During World War I, eight Philippine Scout battalions were grouped into four provisional regiments. They were dissolved in 1920-21 when they were replaced by the creation of the permanent 31st, 43rd, 45th, and 57th Infantry Regiments, into which many of the surviving original scout companies were subsumed. For example, the "2nd Company, Native Scouts, Macabebes" of 1901, eventually became Company D, 45th Infantry Regiment (PS), on 2 December 1920.

During World War I, the Philippine Assembly had created the Philippine National Guard, which it offered to augment the AEF (American Expeditionary Force) under John J. Pershing. The force grew to 25,000 men, but it never left the Philippines. However, a few Filipino soldiers did see action. After the war, the Philippine National Guard was deactivated and its officers were placed on a Reserve list. At the same time as the creation of the Philippine Scout infantry regiments, some of the scout companies that had formed a provisional artillery unit in 1918 were converted into Batteries of the 24th Field Artillery Regt (PS). A number of other scout companies were mustered out or demobilized in 1920-1921 and their personnel transferred to create wholly new units; 25th Field Artillery Regiment (PS), 91st & 92nd Coast Artillery Regiment (PS) and the 26th Cavalry Regiment (PS), service and support units were organized in the Engineer, Medical, Military Police, and Quartermaster branches. In 1921, many of the infantry and field artillery regiments were grouped together to form the U.S. Army's Philippine Division. From this point onward, the Scouts became the U.S. Army's first line of land defense in the western Pacific.

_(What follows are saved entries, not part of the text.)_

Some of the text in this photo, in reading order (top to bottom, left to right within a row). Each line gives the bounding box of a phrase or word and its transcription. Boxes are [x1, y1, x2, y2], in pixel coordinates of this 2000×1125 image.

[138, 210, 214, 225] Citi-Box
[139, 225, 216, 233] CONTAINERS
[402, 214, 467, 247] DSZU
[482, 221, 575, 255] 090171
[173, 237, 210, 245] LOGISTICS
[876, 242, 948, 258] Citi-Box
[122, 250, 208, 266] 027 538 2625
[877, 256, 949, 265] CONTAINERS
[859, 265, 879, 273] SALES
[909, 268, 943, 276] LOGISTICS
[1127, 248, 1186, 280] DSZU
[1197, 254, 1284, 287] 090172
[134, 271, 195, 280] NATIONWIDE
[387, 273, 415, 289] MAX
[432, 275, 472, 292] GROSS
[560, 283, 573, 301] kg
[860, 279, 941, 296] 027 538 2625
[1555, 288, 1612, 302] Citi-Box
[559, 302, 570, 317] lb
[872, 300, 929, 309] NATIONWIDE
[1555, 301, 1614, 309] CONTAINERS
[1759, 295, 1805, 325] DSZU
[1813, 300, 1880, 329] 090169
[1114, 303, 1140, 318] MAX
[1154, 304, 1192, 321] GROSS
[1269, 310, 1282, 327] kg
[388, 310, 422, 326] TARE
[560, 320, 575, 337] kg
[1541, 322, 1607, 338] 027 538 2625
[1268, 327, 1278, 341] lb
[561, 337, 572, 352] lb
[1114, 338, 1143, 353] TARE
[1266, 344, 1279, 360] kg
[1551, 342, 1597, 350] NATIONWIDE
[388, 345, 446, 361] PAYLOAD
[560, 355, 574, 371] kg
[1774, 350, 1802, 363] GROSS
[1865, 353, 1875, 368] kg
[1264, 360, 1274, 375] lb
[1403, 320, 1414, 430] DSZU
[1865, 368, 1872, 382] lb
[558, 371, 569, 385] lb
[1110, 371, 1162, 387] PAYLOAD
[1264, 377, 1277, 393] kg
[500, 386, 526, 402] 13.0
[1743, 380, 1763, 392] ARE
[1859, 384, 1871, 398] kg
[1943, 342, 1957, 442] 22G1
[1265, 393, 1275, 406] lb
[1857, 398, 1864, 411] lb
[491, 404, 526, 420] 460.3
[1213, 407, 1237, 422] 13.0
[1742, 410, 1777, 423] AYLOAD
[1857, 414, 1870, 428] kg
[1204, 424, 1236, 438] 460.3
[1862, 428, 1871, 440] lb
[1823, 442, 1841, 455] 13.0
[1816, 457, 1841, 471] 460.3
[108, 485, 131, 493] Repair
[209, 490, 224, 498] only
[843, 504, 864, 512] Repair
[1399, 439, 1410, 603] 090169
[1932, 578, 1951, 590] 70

The 44th Infantry Regiment (PS) was constituted in the Regular Army on 26 June 1931, allotted to the Philippine Department, and assigned on paper to the Philippine Division, but it was not organized before the outbreak of World War II and was disbanded on 11 November 1944. The Philippine Division was redesignated the 12th Infantry Division (PS) and reactivated in 1946, primarily to compensate for the demobilization of U.S. Army units. The 44th Infantry Regiment (PS) was reformed for occupation duty on Okinawa and inactivated in 1949.